--- START ---

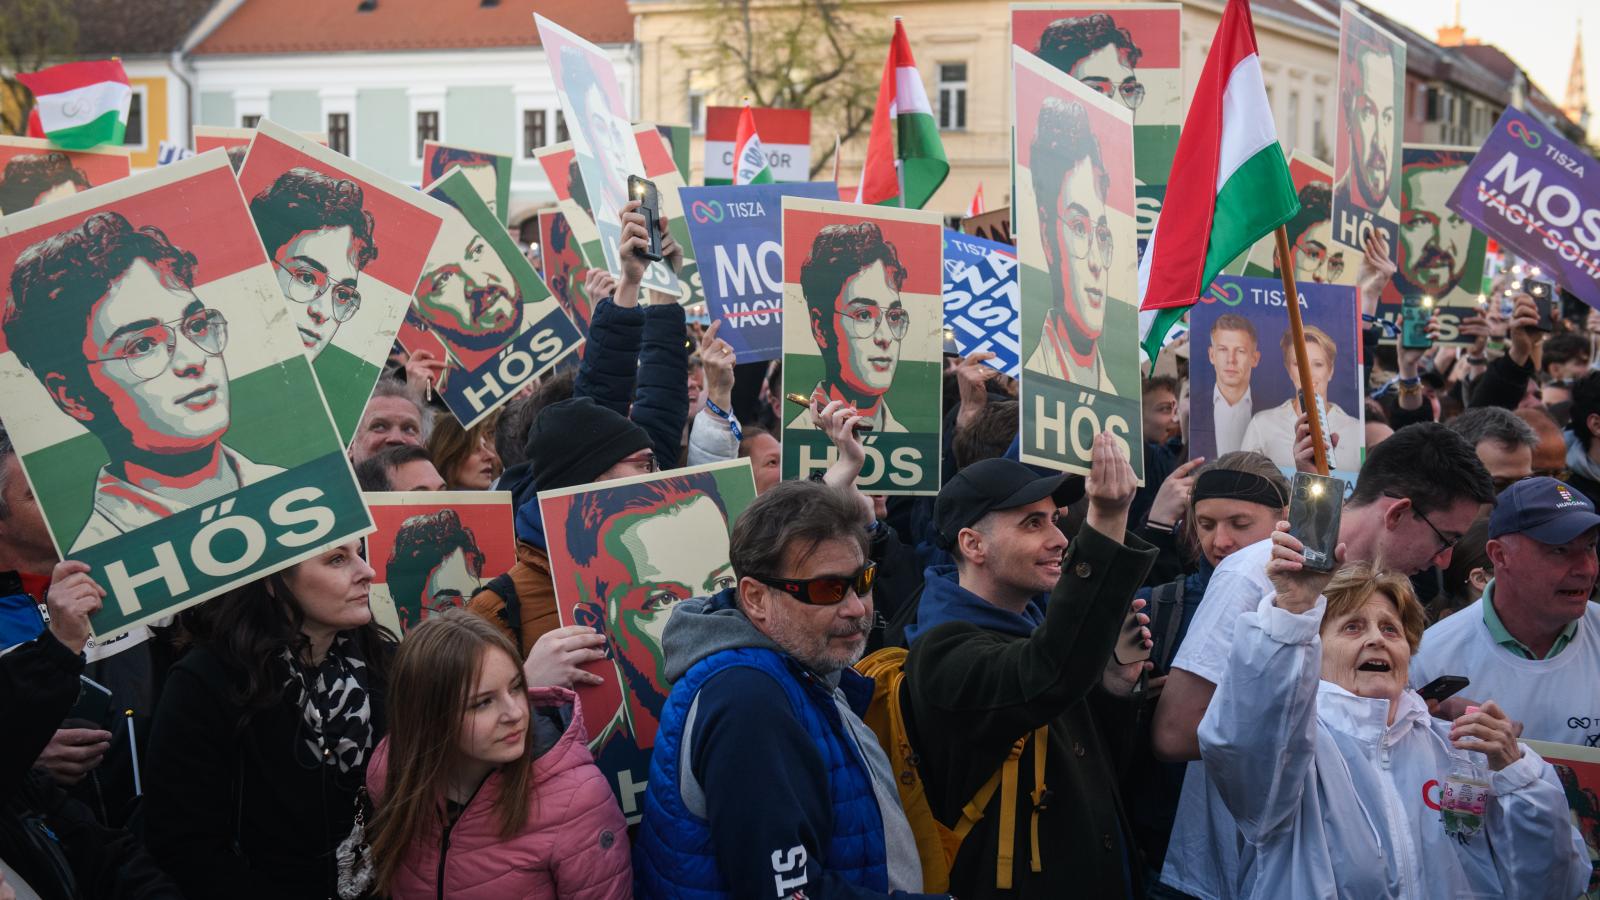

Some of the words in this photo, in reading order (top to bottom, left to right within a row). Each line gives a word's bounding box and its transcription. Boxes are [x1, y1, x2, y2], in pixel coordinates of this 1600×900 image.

[1545, 144, 1585, 178] TISZA
[726, 202, 766, 219] TISZA
[1477, 181, 1545, 234] VAGY
[1542, 229, 1600, 280] SOH
[952, 239, 993, 258] TISZ
[722, 298, 782, 329] VAGY
[462, 328, 563, 413] HŐS
[1035, 391, 1131, 465] HŐS
[800, 435, 923, 486] HŐS
[103, 486, 336, 616] HŐS
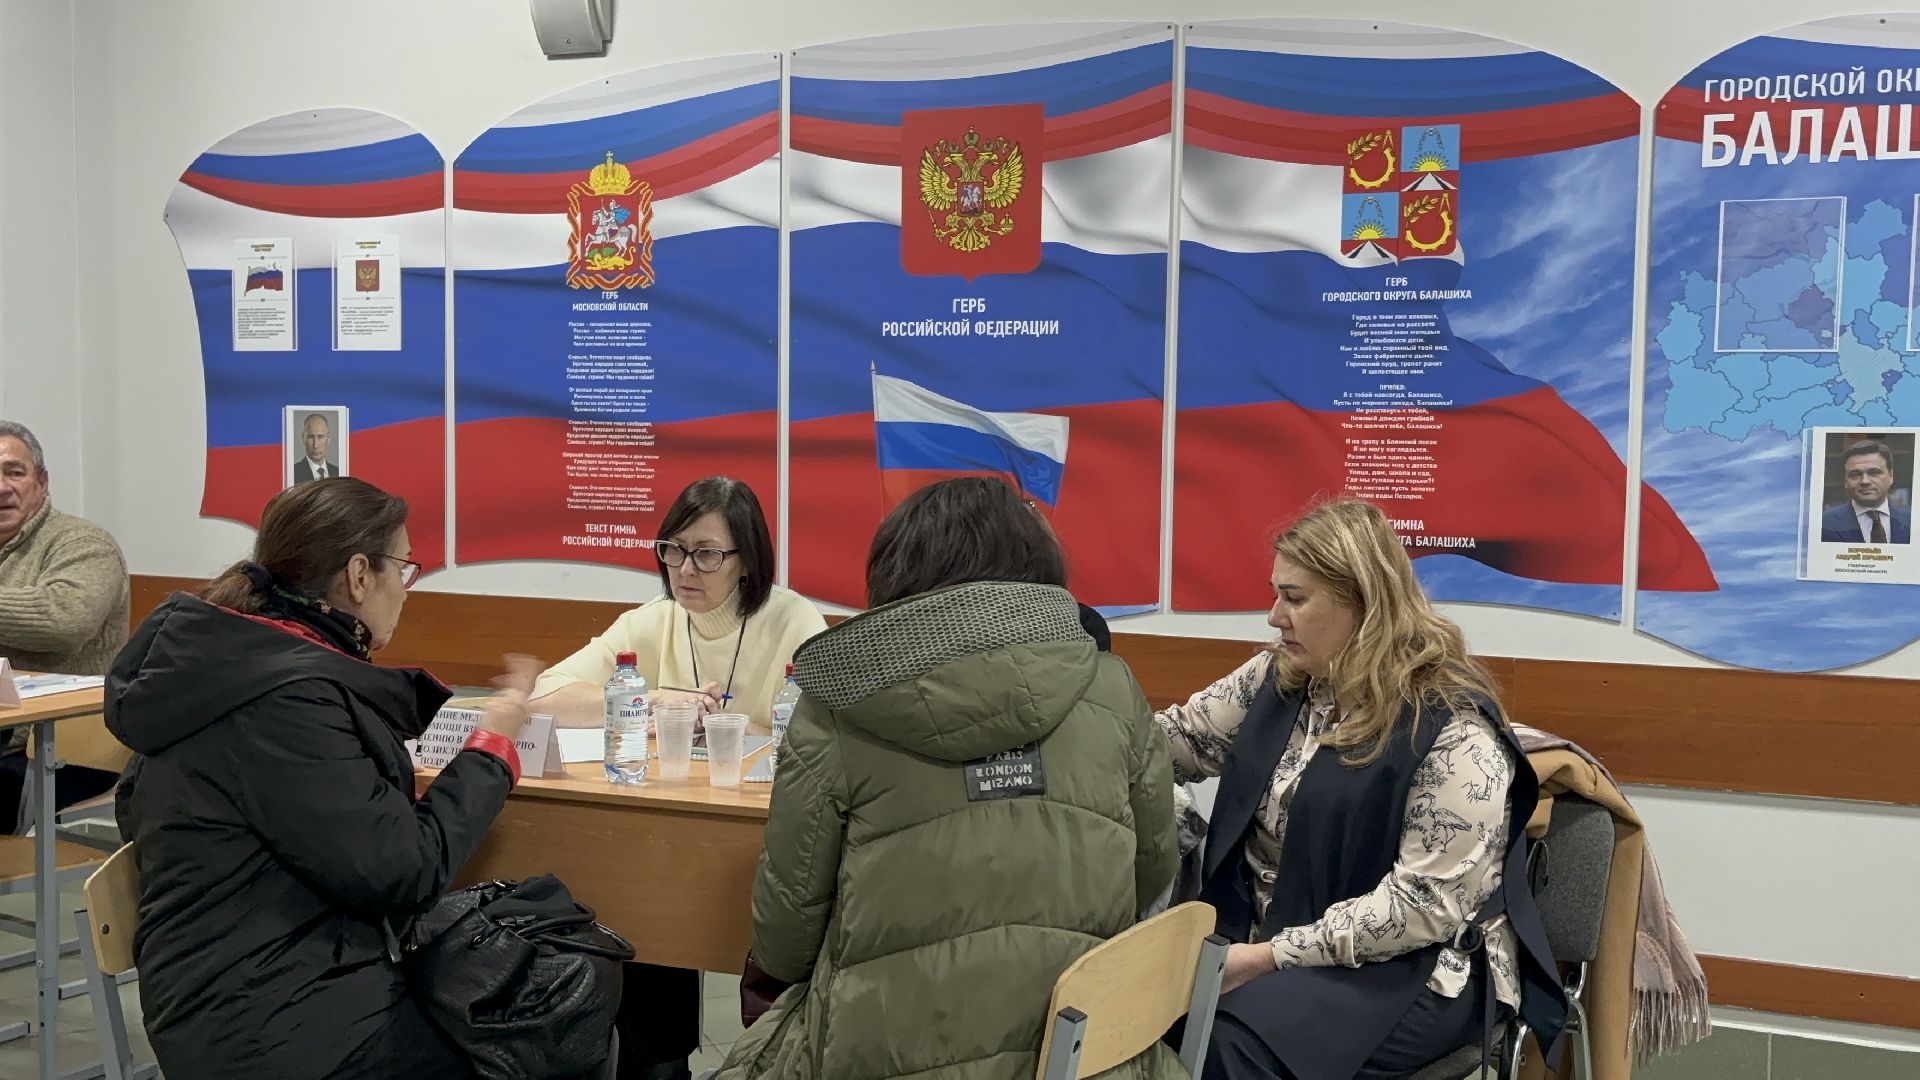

--- END ---

◆ **EXERCISE GOAL**: The whole listing above is to be repeated exactly, apart from its pictures.

◆ **SOLUTION TO THE PROBLEM**:
Some of the words in this photo, in reading order (top to bottom, left to right within a row). Each line gives a word's bounding box and its transcription. Boxes are [x1, y1, x2, y2], in pixel coordinates of this 1600×900 image.

[1545, 144, 1585, 178] TISZA
[726, 202, 766, 219] TISZA
[1477, 181, 1545, 234] VAGY
[1542, 229, 1600, 280] SOH
[952, 239, 993, 258] TISZ
[722, 298, 782, 329] VAGY
[462, 328, 563, 413] HŐS
[1035, 391, 1131, 465] HŐS
[800, 435, 923, 486] HŐS
[103, 486, 336, 616] HŐS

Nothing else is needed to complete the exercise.